Thousands of entries were made in the nationwide competition to pick a name for the animal, and the winner was announced as Ina Walsh.

Ina suggested the name Asali, which translates to 'honey' in Swahili, and was declared the recipient of free electricity for a year from SSE Airtricity.

Followers of RTE's The Zoo can tune in this Sunday for the final episode of the series to see baby Asali's birth in Dublin Zoo. The staff at the zoo are over the moon with Asali's progress.

The gorilla is being carefully minded by her parents, and is mixing well with the rest of the gorilla troop. Asali has a charming personality already, developing fast and weighing over four kilos.

Team Leader Helen Clarke Bennett says;

“Asali has had quite the few weeks. She is bright, alert and extremely adventurous. She has come on leaps and bounds over the past few weeks and has even developed a special bond with Kambiri another young female in troop."

Helen added;

"The two spend their days playing together and Asali is learning many important life skills from this friendship. We are looking forward to watching Asali’s development and can’t wait to watch her grow into adulthood.”

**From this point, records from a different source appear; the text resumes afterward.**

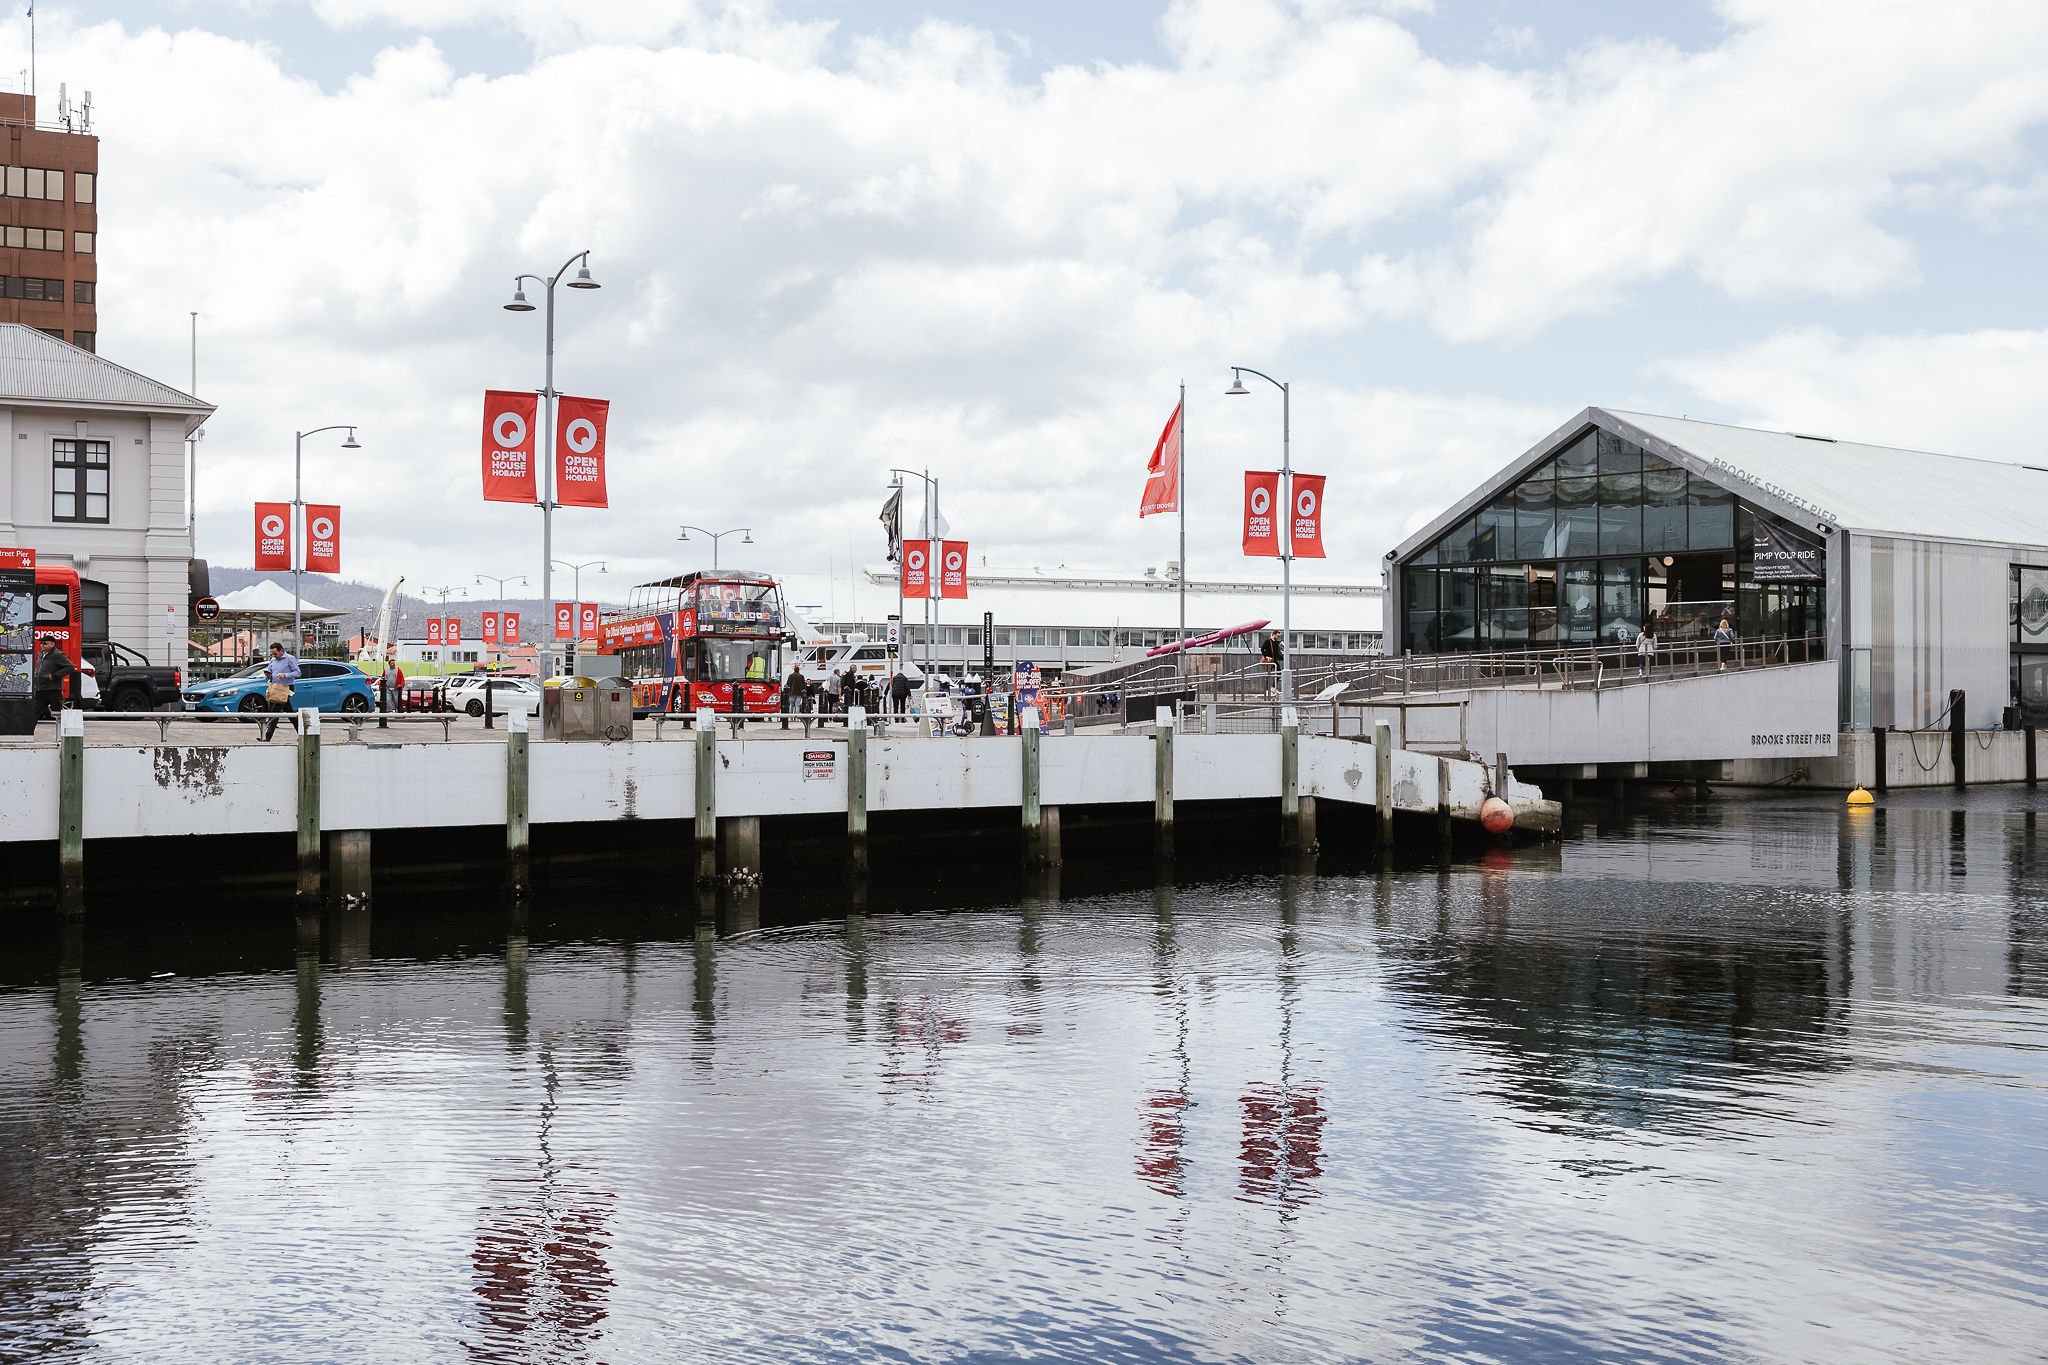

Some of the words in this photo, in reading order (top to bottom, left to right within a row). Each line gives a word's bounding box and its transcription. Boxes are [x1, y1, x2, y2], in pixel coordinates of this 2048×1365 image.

[492, 450, 526, 462] OPEN
[492, 461, 526, 470] HOUSE
[565, 456, 597, 466] OPEN
[566, 466, 598, 475] HOUSE
[1712, 457, 1762, 486] BROOKE
[1764, 482, 1808, 509] STREET
[1810, 504, 1838, 523] PIER
[1250, 517, 1270, 525] OPEN
[1296, 519, 1315, 527] OPEN
[1754, 552, 1773, 560] PIMP
[1774, 552, 1796, 560] YOUR
[1797, 551, 1815, 559] RIDE
[1751, 734, 1784, 745] BROOKE
[1786, 734, 1812, 744] STREET
[1814, 734, 1831, 744] PIER
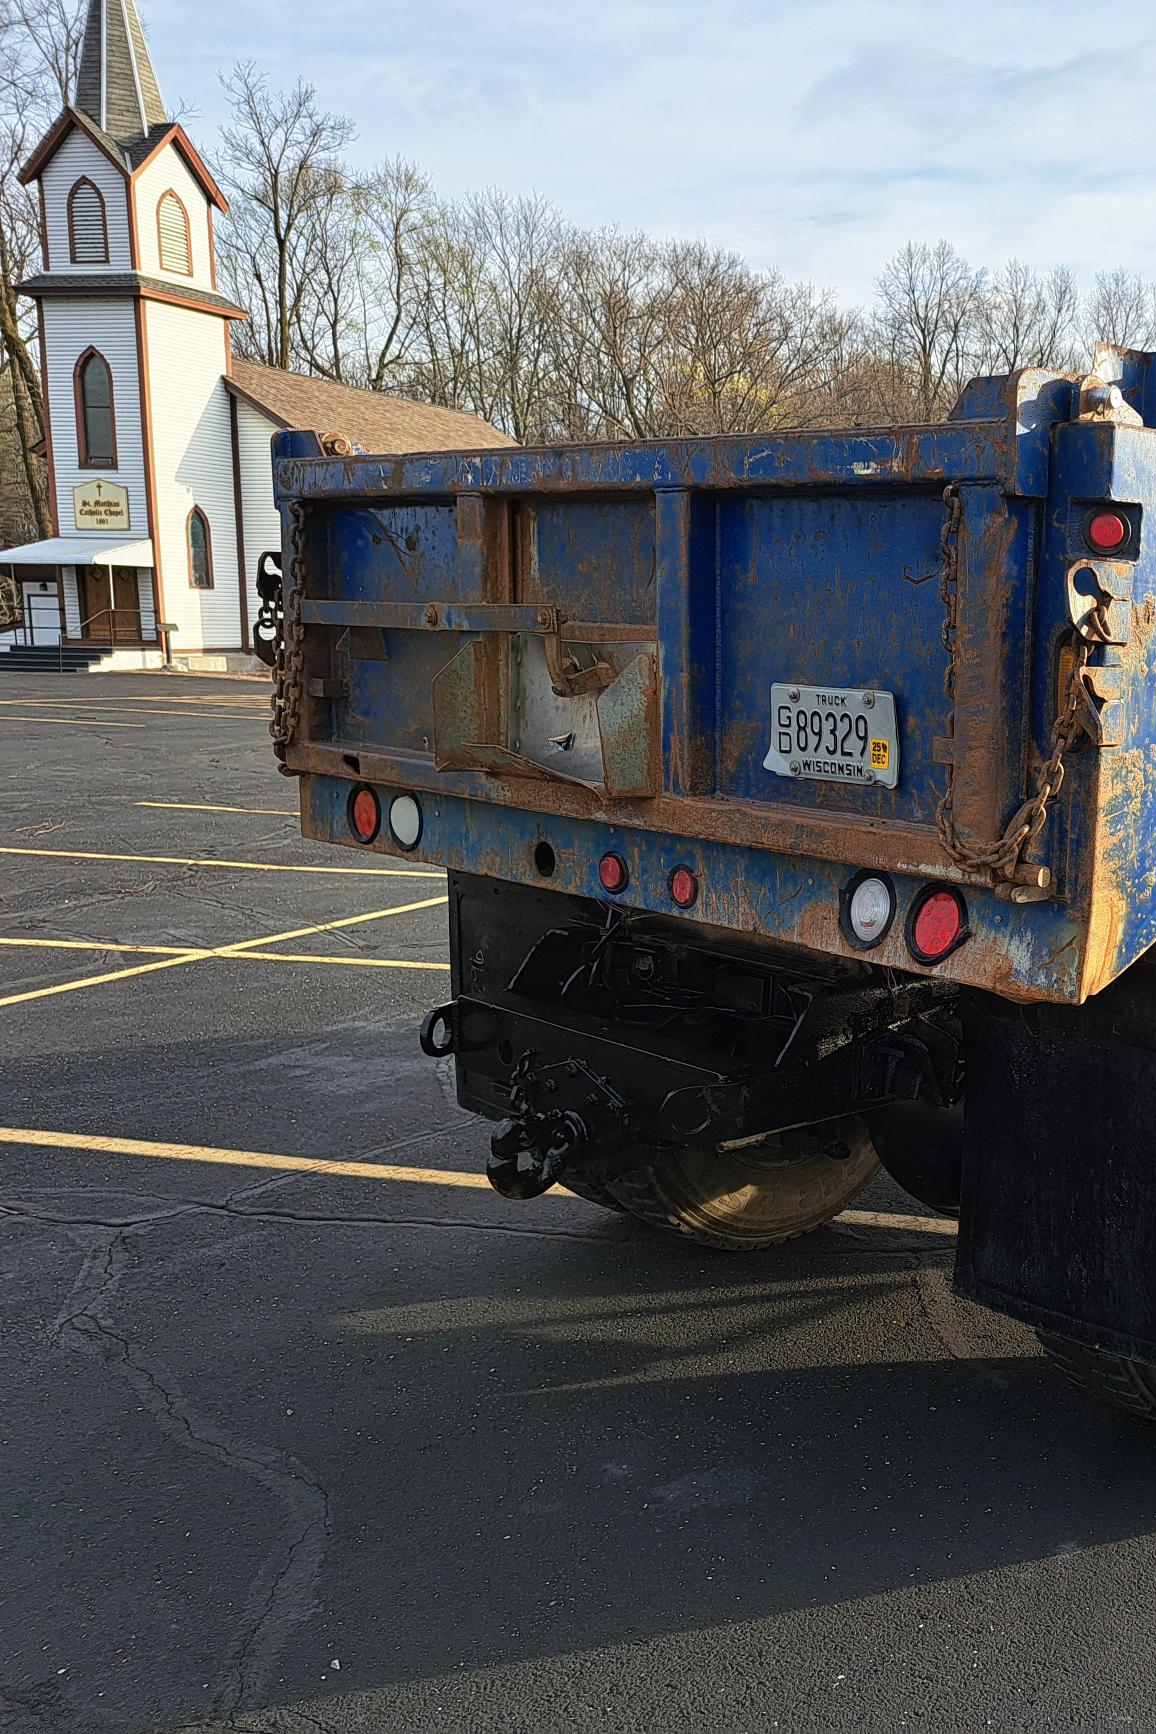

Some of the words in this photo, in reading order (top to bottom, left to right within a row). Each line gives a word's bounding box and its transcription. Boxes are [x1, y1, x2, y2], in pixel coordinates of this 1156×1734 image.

[79, 508, 102, 516] Catholic
[104, 508, 124, 517] Chapel
[816, 694, 848, 707] TRUCK
[796, 709, 868, 758] 89329
[872, 741, 881, 752] 25
[872, 753, 886, 764] DEC
[803, 759, 864, 778] WISCONSIN

Dublin Zoo is currently home to a troop of five western lowland gorillas; Bangui, the dominant male and Asali’s father, and four females; Asali's mother, Kafi, Kambiri, Vana and now the newest baby. 

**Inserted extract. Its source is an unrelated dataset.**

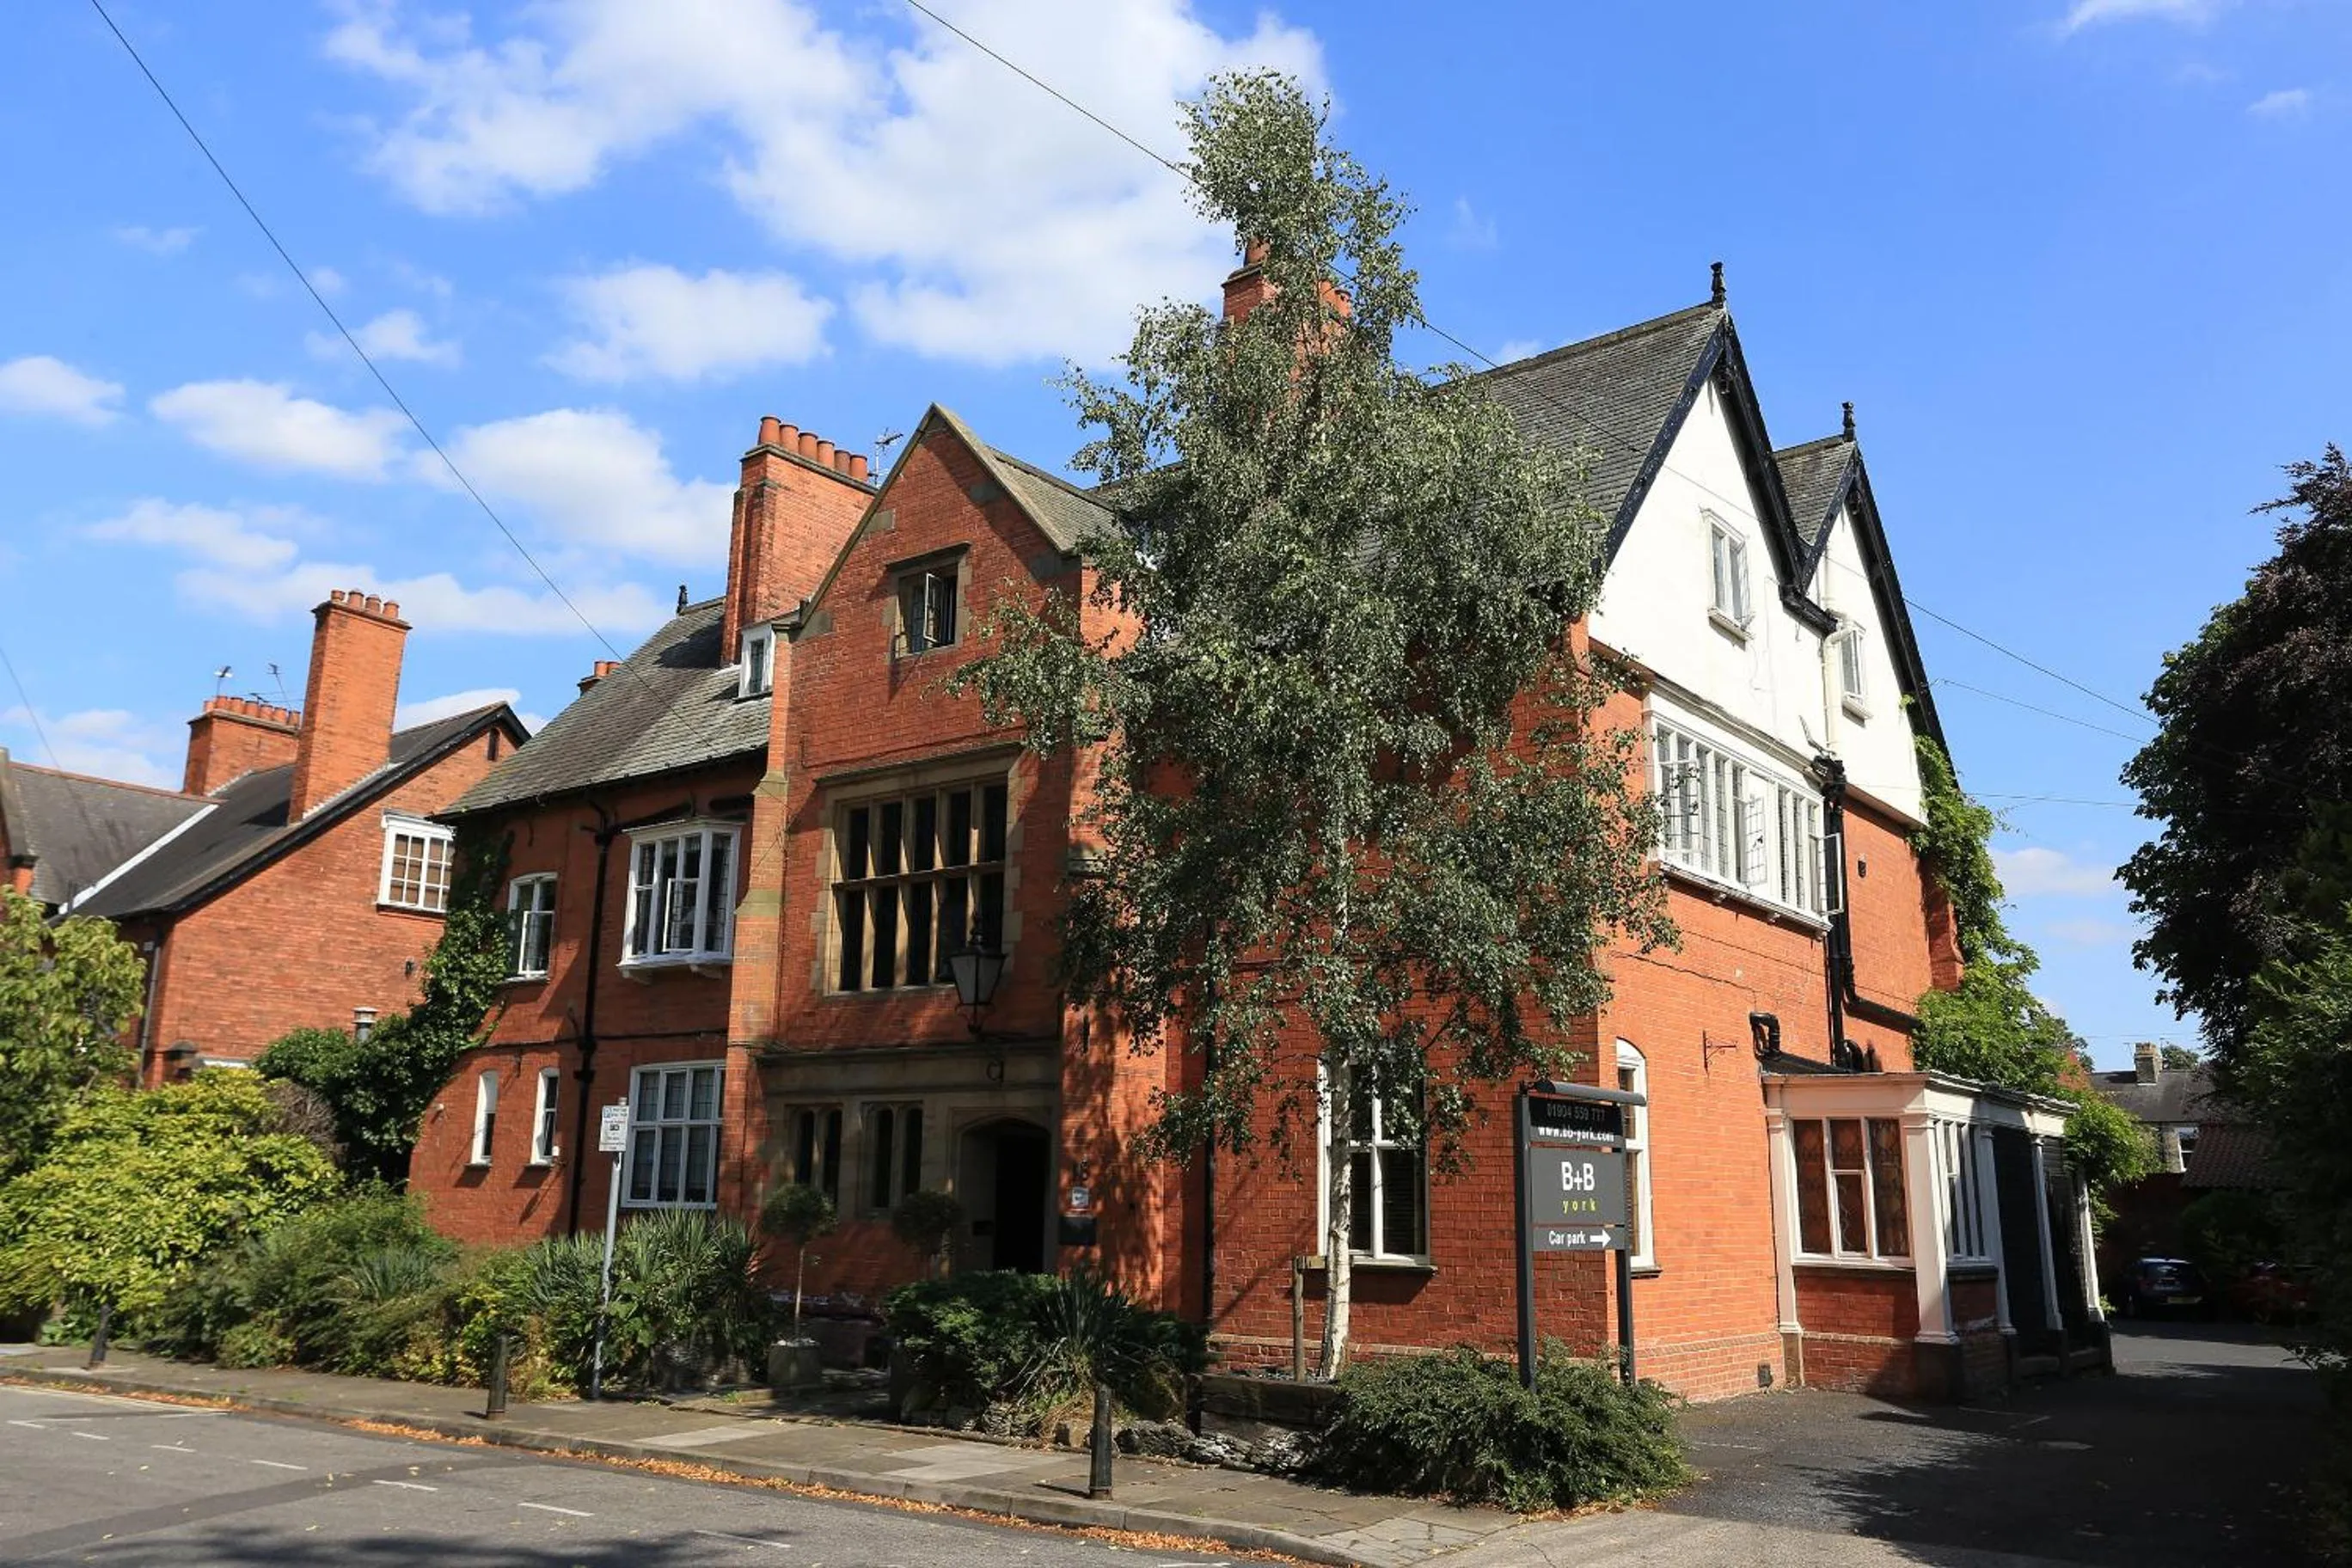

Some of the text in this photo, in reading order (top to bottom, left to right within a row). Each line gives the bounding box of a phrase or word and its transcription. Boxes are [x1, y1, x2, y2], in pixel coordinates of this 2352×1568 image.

[1561, 1161, 1595, 1191] B+B
[1563, 1197, 1596, 1214] york
[1548, 1230, 1586, 1247] Car park

Aine Plunkett, Head of Marketing for SSE Airtricity said; “We’re delighted with the response we received for the competition and can’t think of a more fitting and beautiful name as Asali."

Western lowland gorillas are the largest of the primates and normally favour quiet, tranquil environments.

The Gorilla Rainforest, their habitat at Dublin Zoo, was strongly influenced by behavioural studies of gorillas in the wild. The environment and design is based around these reports.

High, rocky outcrops and trees give the apes an a great view of the surrounding landscape, and the gorillas are able to forage and move to private resting spaces due to streams and dense vegetation.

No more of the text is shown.